- What this task involves:
Return each of the entries below precisely, with no pictures in the result.

*** Opening of Records for the exercise ***

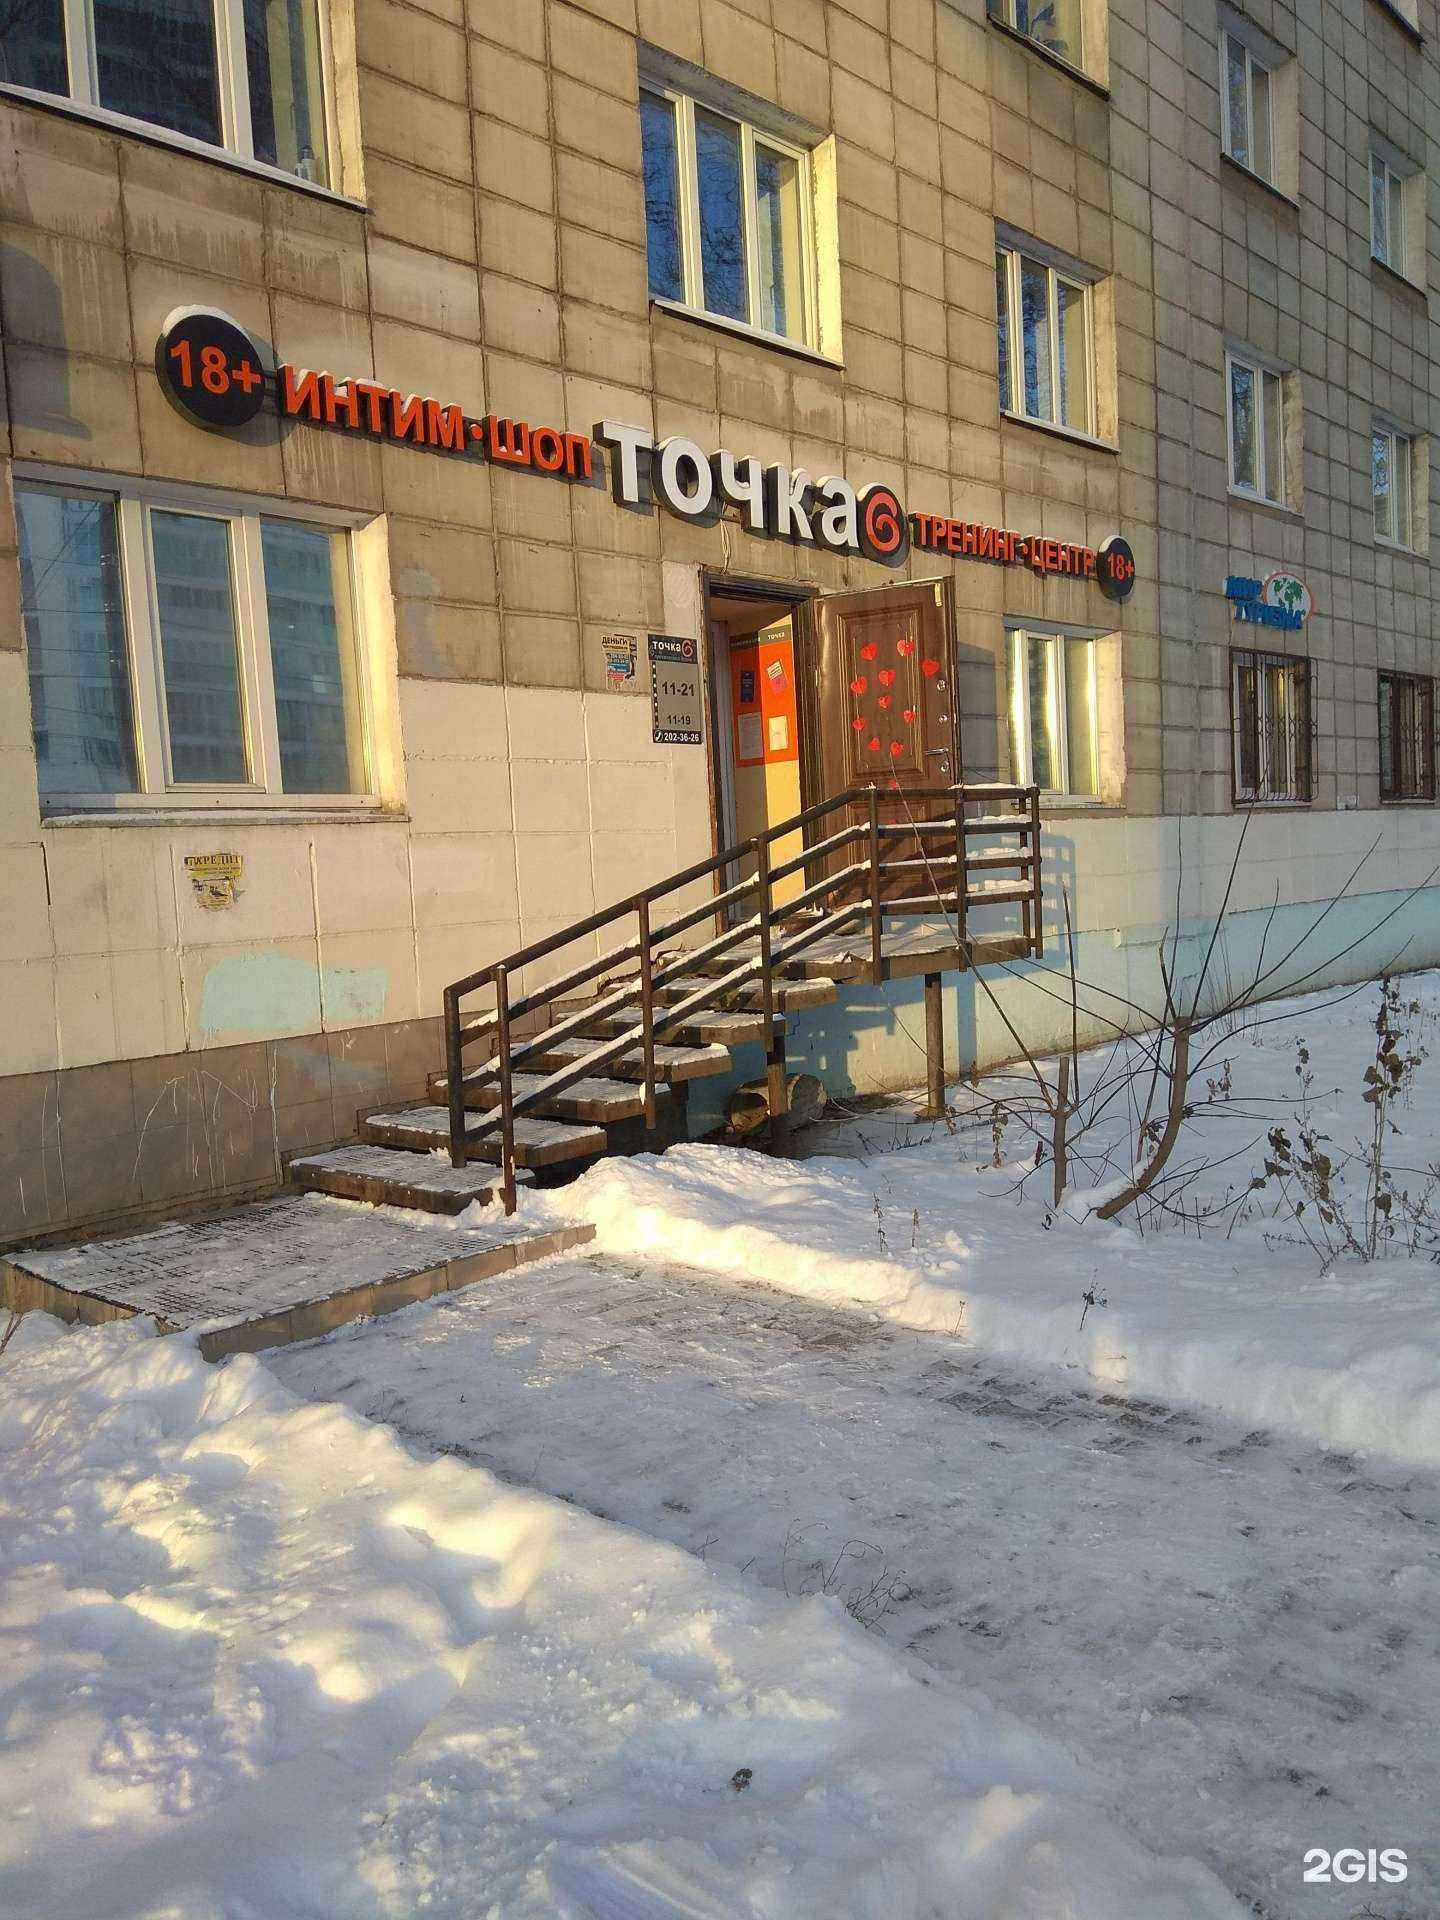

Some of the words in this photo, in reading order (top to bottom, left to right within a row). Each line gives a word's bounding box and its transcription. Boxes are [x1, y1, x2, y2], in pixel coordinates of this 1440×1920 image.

[170, 340, 262, 393] 18+
[1107, 552, 1134, 580] 18+
[662, 680, 695, 697] 11-21
[667, 714, 691, 726] 11-19
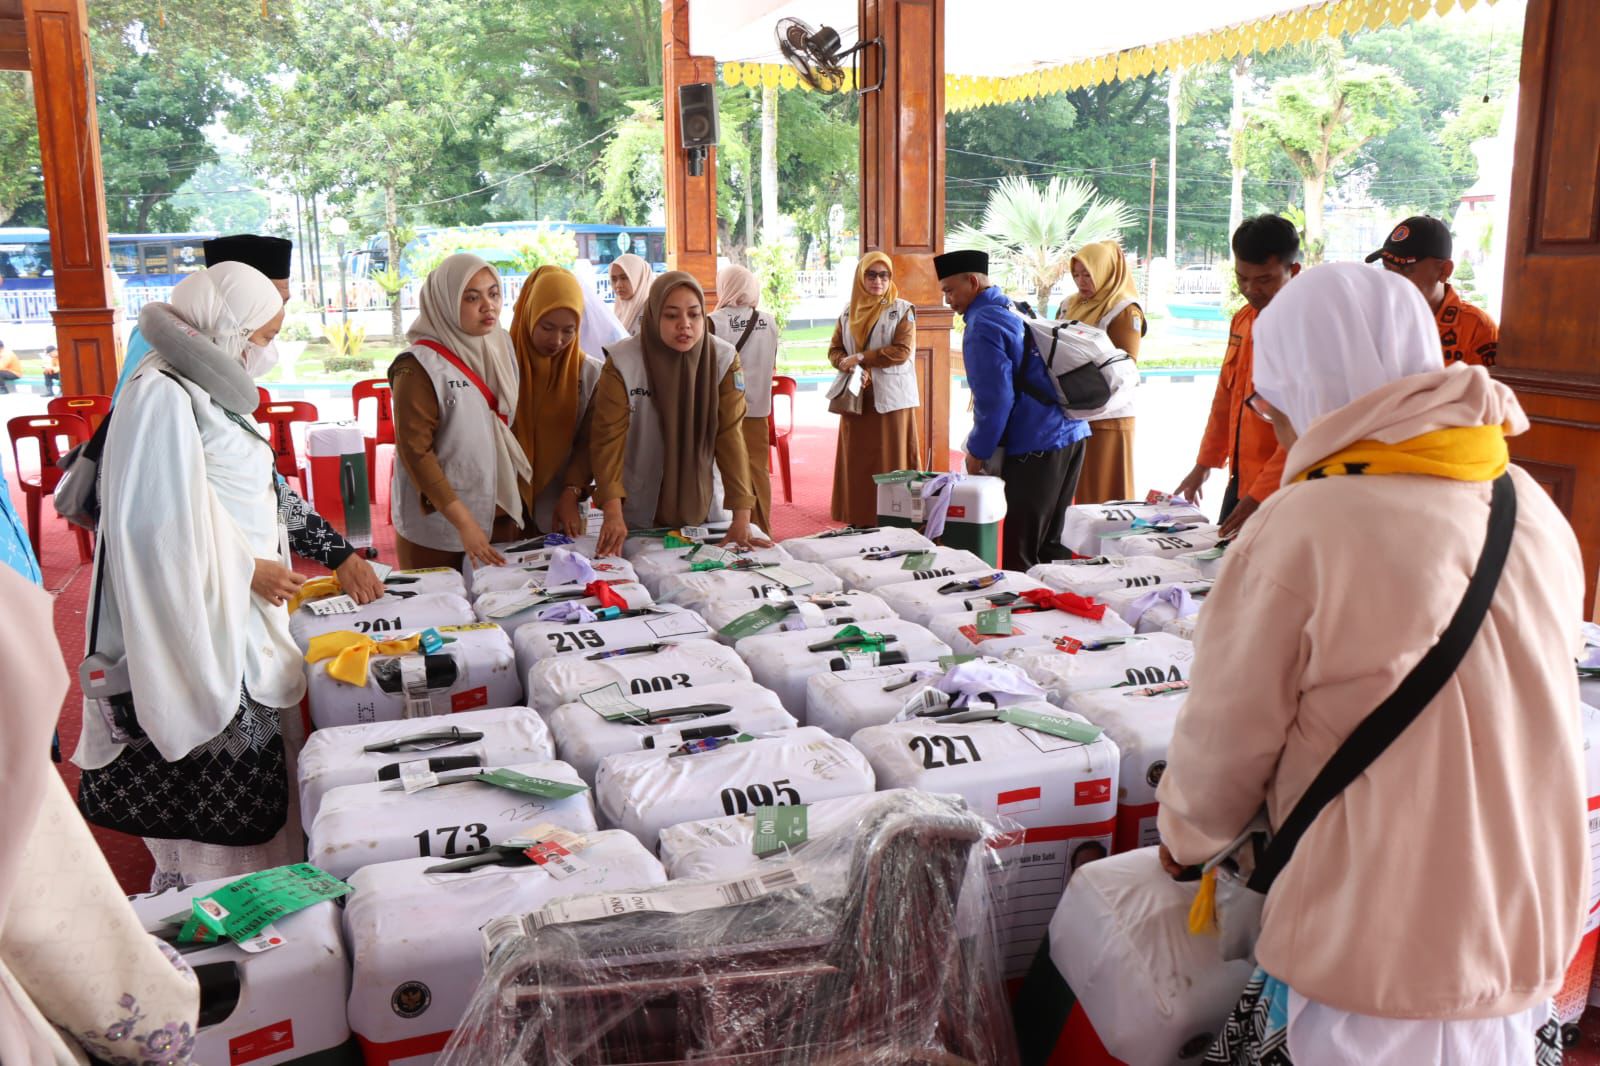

*** Close of Records for the exercise ***

- Written response:
Some of the words in this photo, in reading order (top to bottom, left to right within a row). Each line gives a word's bounding box and its transcription. Boxes are [x1, y1, x2, y2], in pixel coordinates of this 1440×1920 image.

[170, 340, 262, 393] 18+
[1107, 552, 1134, 580] 18+
[662, 680, 695, 697] 11-21
[667, 714, 691, 726] 11-19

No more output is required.